## ACTIVITY
Set down the data below word for word, and leave the images aside.
** Opening RECORDS FOR THIS TASK block **
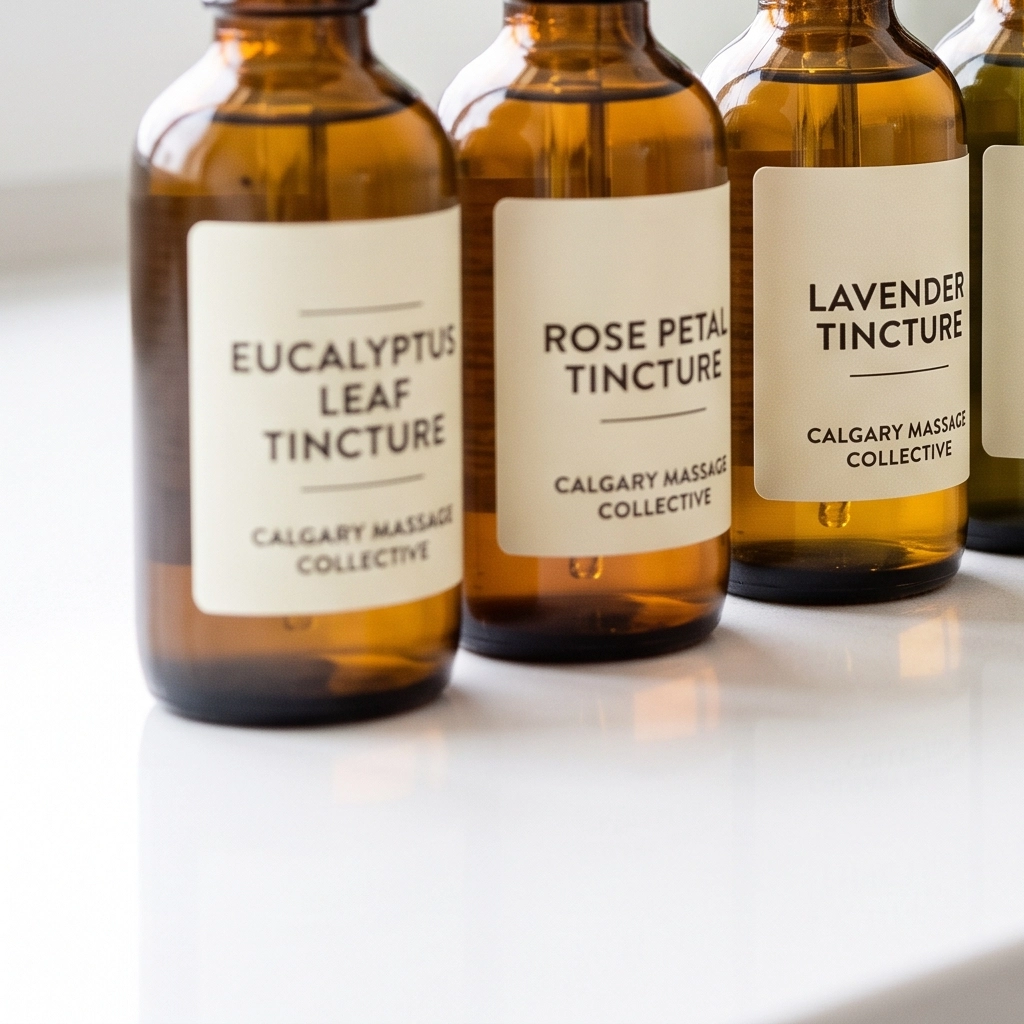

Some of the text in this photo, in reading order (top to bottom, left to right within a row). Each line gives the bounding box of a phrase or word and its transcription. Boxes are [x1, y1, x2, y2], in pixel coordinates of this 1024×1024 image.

[809, 271, 965, 312] LAVENDER
[231, 324, 456, 373] EUCALYPTUS
[544, 306, 728, 353] ROSE PETAL
[816, 309, 962, 350] TINCTURE
[565, 349, 722, 394] TINCTURE
[320, 377, 411, 416] LEAF
[264, 413, 446, 461] TINCTURE
[807, 409, 966, 444] CALGARY MASSAGE
[554, 454, 727, 494] CALGARY MASSAGE
[846, 439, 952, 468] COLLECTIVE
[598, 487, 712, 519] COLLECTIVE
[251, 504, 454, 548] CALGARY MASSAGE
[296, 540, 430, 575] COLLECTIVE
** Closing RECORDS FOR THIS TASK block **
## TASK SOLUTION
Some of the text in this photo, in reading order (top to bottom, left to right within a row). Each line gives the bounding box of a phrase or word and its transcription. Boxes are [x1, y1, x2, y2], in pixel coordinates of this 1024×1024 image.

[809, 271, 965, 312] LAVENDER
[231, 324, 456, 373] EUCALYPTUS
[544, 306, 728, 353] ROSE PETAL
[816, 309, 962, 350] TINCTURE
[565, 349, 722, 394] TINCTURE
[320, 377, 411, 416] LEAF
[264, 413, 446, 461] TINCTURE
[807, 409, 966, 444] CALGARY MASSAGE
[554, 454, 727, 494] CALGARY MASSAGE
[846, 439, 952, 468] COLLECTIVE
[598, 487, 712, 519] COLLECTIVE
[251, 504, 454, 548] CALGARY MASSAGE
[296, 540, 430, 575] COLLECTIVE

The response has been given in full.